What to work on | Output the full listing below exactly, without the pictures.

Provided data |

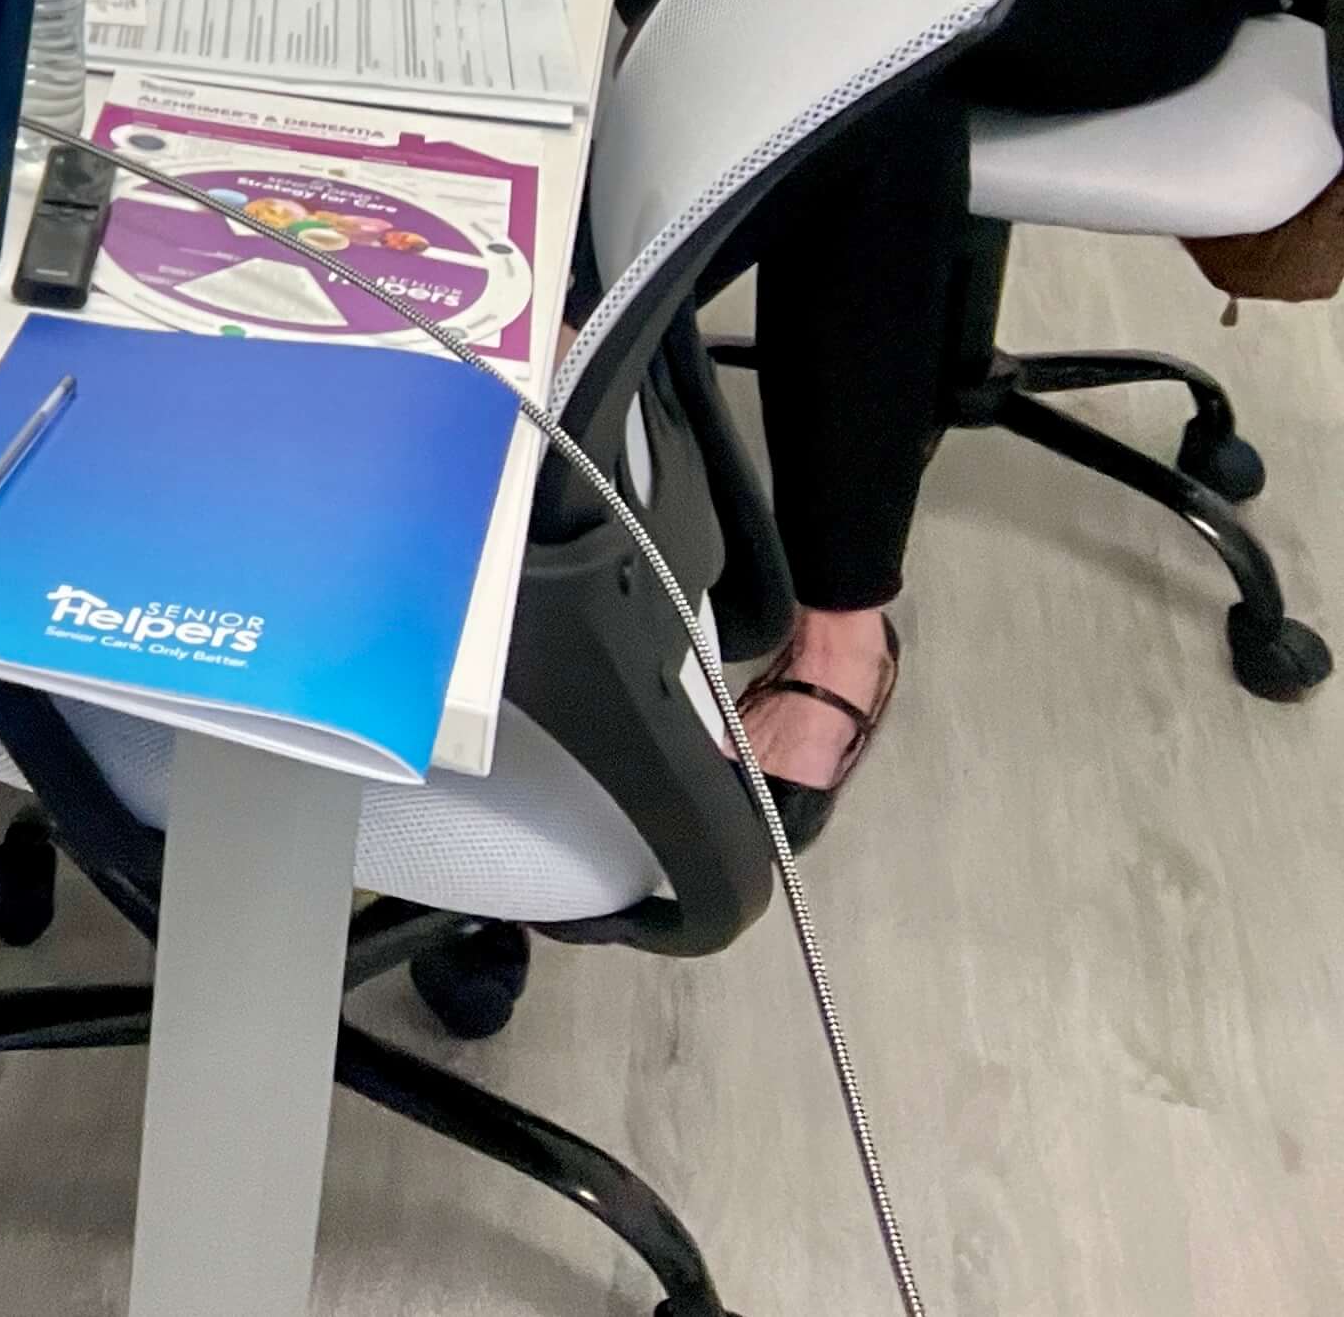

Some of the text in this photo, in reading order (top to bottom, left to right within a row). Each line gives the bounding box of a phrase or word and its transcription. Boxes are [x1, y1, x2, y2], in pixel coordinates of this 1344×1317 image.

[48, 588, 259, 653] Helpers
[146, 602, 265, 631] SENIOR
[44, 626, 96, 643] Senior
[148, 643, 190, 661] Only
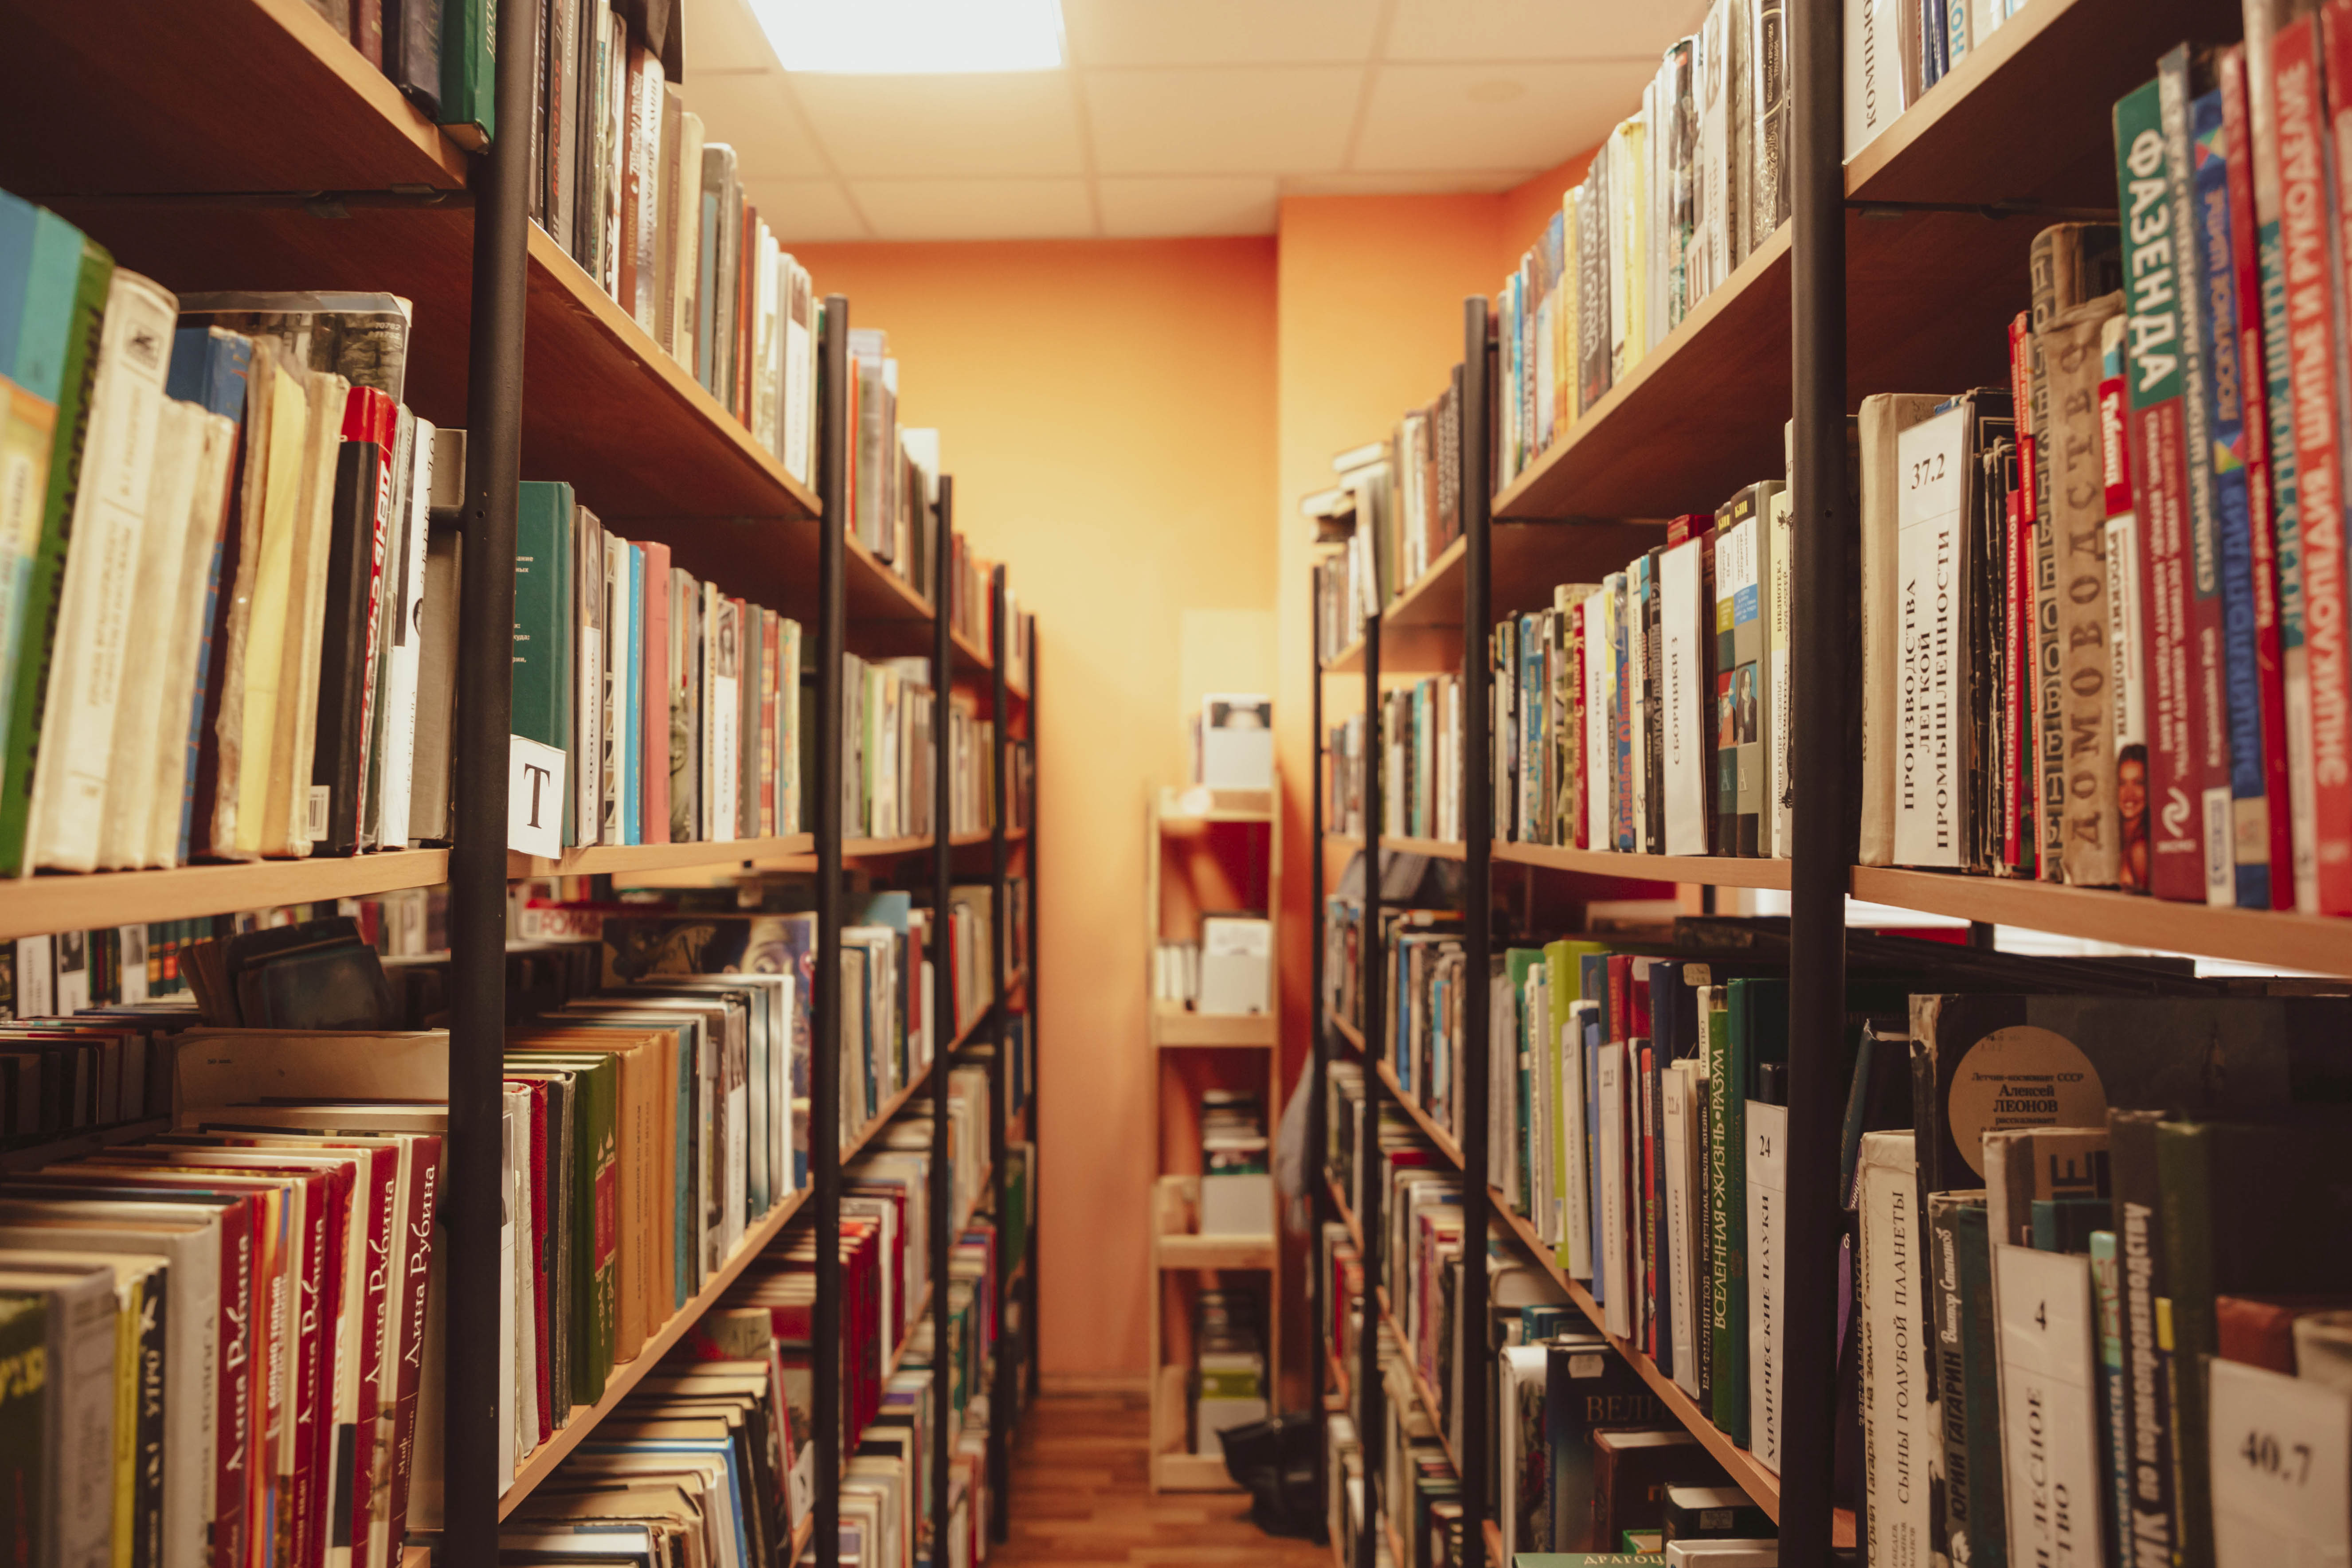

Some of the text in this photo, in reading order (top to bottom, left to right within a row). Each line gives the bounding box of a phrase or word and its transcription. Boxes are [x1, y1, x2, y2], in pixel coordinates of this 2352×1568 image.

[2127, 128, 2178, 392] ФАЗЕНДА
[373, 459, 391, 568] ДЕНЬ
[1911, 453, 1946, 490] 37.2
[2009, 514, 2017, 598] МАТЕРИАЛОВ
[2059, 342, 2105, 851] ДОМОВОДСТВО
[1903, 577, 1917, 810] ПРОИЗВОДСТВА
[1917, 631, 1932, 754] ЛЕГКОЙ
[1934, 530, 1950, 849] ПРОМЫШЛЕННОСТИ
[2008, 602, 2017, 681] ПРИРОДНЫХ
[2008, 684, 2015, 701] ИЗ
[2220, 489, 2259, 783] ЭНЦИКЛОПЕДИЯ
[1671, 636, 1680, 765] СБОРНИКИ 3
[524, 762, 551, 830] Т
[2005, 782, 2014, 840] ФИГУРКИ
[2006, 767, 2014, 778] И
[1993, 1099, 2058, 1113] ЛЕОНОВ
[1999, 1083, 2055, 1097] Алексей
[2057, 1073, 2084, 1082] СССР
[1712, 1048, 1727, 1329] ВСЕЛЕННАЯ ЖИЗНЬ РАЗУМ
[1759, 1134, 1771, 1158] 24
[225, 1233, 249, 1371] Рубина
[300, 1219, 323, 1337] Рубина
[364, 1178, 395, 1384] Дина Рубина
[404, 1164, 437, 1369] Дина Рубина
[1935, 1227, 1962, 1344] Виктор Степанов
[2035, 1301, 2047, 1331] 4
[1761, 1194, 1775, 1462] ХИМИЧЕСКИЕ НАУКИ
[1892, 1191, 1909, 1504] СЫНЫ ГОЛУБОЙ ПЛАНЕТЫ
[2124, 1202, 2164, 1462] кормопроизводству
[1942, 1352, 1967, 1521] ЮРИЙ ГАГАРИН
[2027, 1387, 2048, 1541] ЛЕСНОЕ
[2136, 1466, 2160, 1502] по
[2240, 1427, 2312, 1487] 40.7
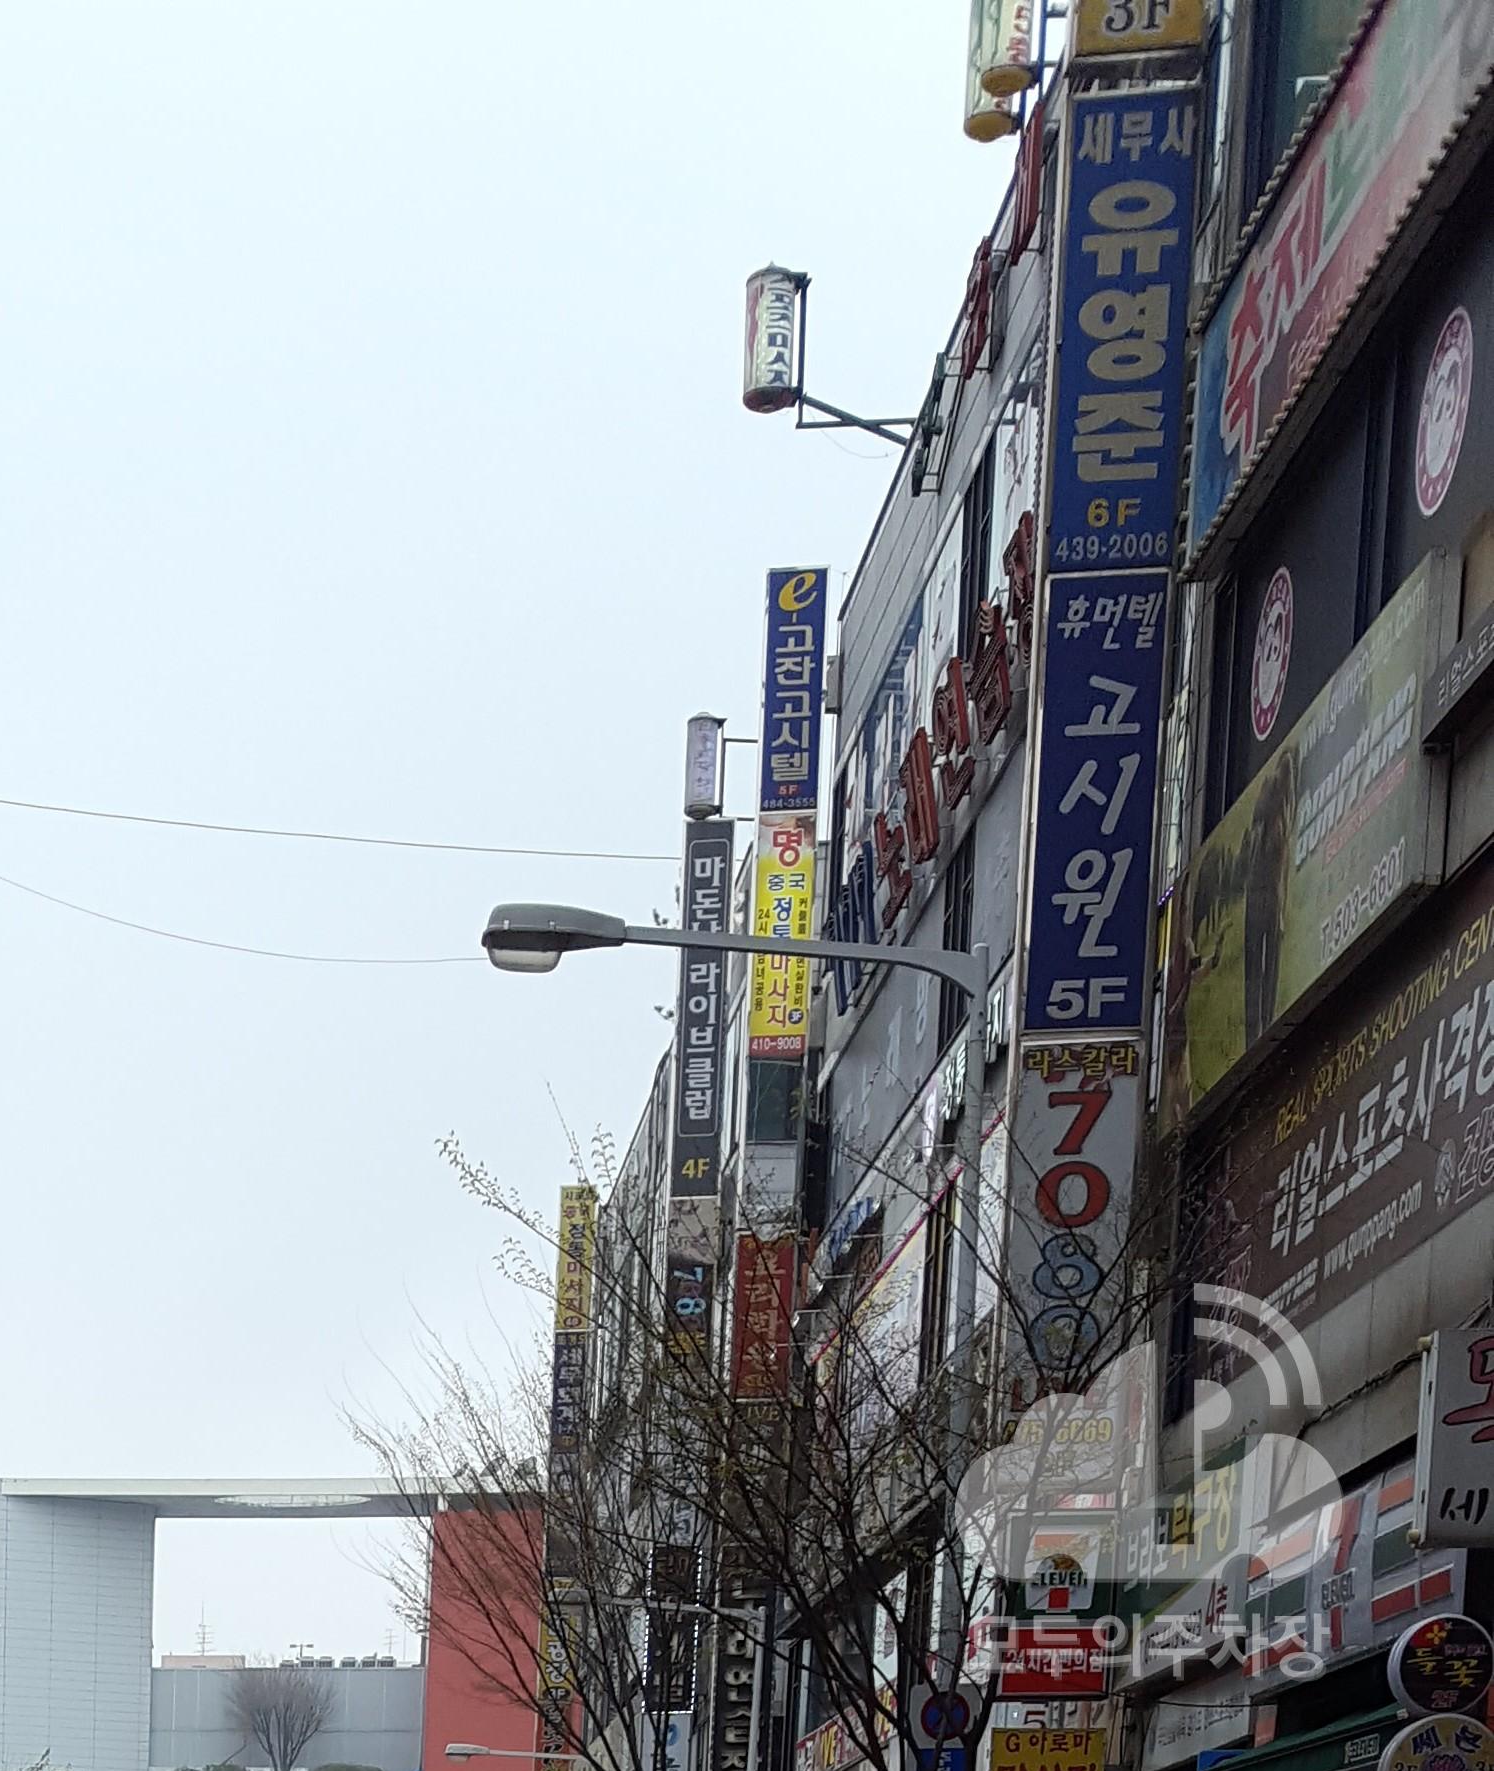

Your solution |
Some of the text in this photo, in reading order (top to bottom, left to right within a row). Each line gives the bounding box of a phrase or word and its transcription. Boxes are [x1, y1, x2, y2], in pixel coordinates of this 1344×1317 image.

[48, 588, 259, 653] Helpers
[146, 602, 265, 631] SENIOR
[44, 626, 96, 643] Senior
[148, 643, 190, 661] Only

Some of the text in this photo, in reading order (top to bottom, left to right within a row). Each line gives the bounding box of a phrase or word and its transcription. Boxes are [x1, y1, x2, y2], in pixel coordinates of this 2352×1568 image.

[2127, 128, 2178, 392] ФАЗЕНДА
[373, 459, 391, 568] ДЕНЬ
[1911, 453, 1946, 490] 37.2
[2009, 514, 2017, 598] МАТЕРИАЛОВ
[2059, 342, 2105, 851] ДОМОВОДСТВО
[1903, 577, 1917, 810] ПРОИЗВОДСТВА
[1917, 631, 1932, 754] ЛЕГКОЙ
[1934, 530, 1950, 849] ПРОМЫШЛЕННОСТИ
[2008, 602, 2017, 681] ПРИРОДНЫХ
[2008, 684, 2015, 701] ИЗ
[2220, 489, 2259, 783] ЭНЦИКЛОПЕДИЯ
[1671, 636, 1680, 765] СБОРНИКИ 3
[524, 762, 551, 830] Т
[2005, 782, 2014, 840] ФИГУРКИ
[2006, 767, 2014, 778] И
[1993, 1099, 2058, 1113] ЛЕОНОВ
[1999, 1083, 2055, 1097] Алексей
[2057, 1073, 2084, 1082] СССР
[1712, 1048, 1727, 1329] ВСЕЛЕННАЯ ЖИЗНЬ РАЗУМ
[1759, 1134, 1771, 1158] 24
[225, 1233, 249, 1371] Рубина
[300, 1219, 323, 1337] Рубина
[364, 1178, 395, 1384] Дина Рубина
[404, 1164, 437, 1369] Дина Рубина
[1935, 1227, 1962, 1344] Виктор Степанов
[2035, 1301, 2047, 1331] 4
[1761, 1194, 1775, 1462] ХИМИЧЕСКИЕ НАУКИ
[1892, 1191, 1909, 1504] СЫНЫ ГОЛУБОЙ ПЛАНЕТЫ
[2124, 1202, 2164, 1462] кормопроизводству
[1942, 1352, 1967, 1521] ЮРИЙ ГАГАРИН
[2027, 1387, 2048, 1541] ЛЕСНОЕ
[2136, 1466, 2160, 1502] по
[2240, 1427, 2312, 1487] 40.7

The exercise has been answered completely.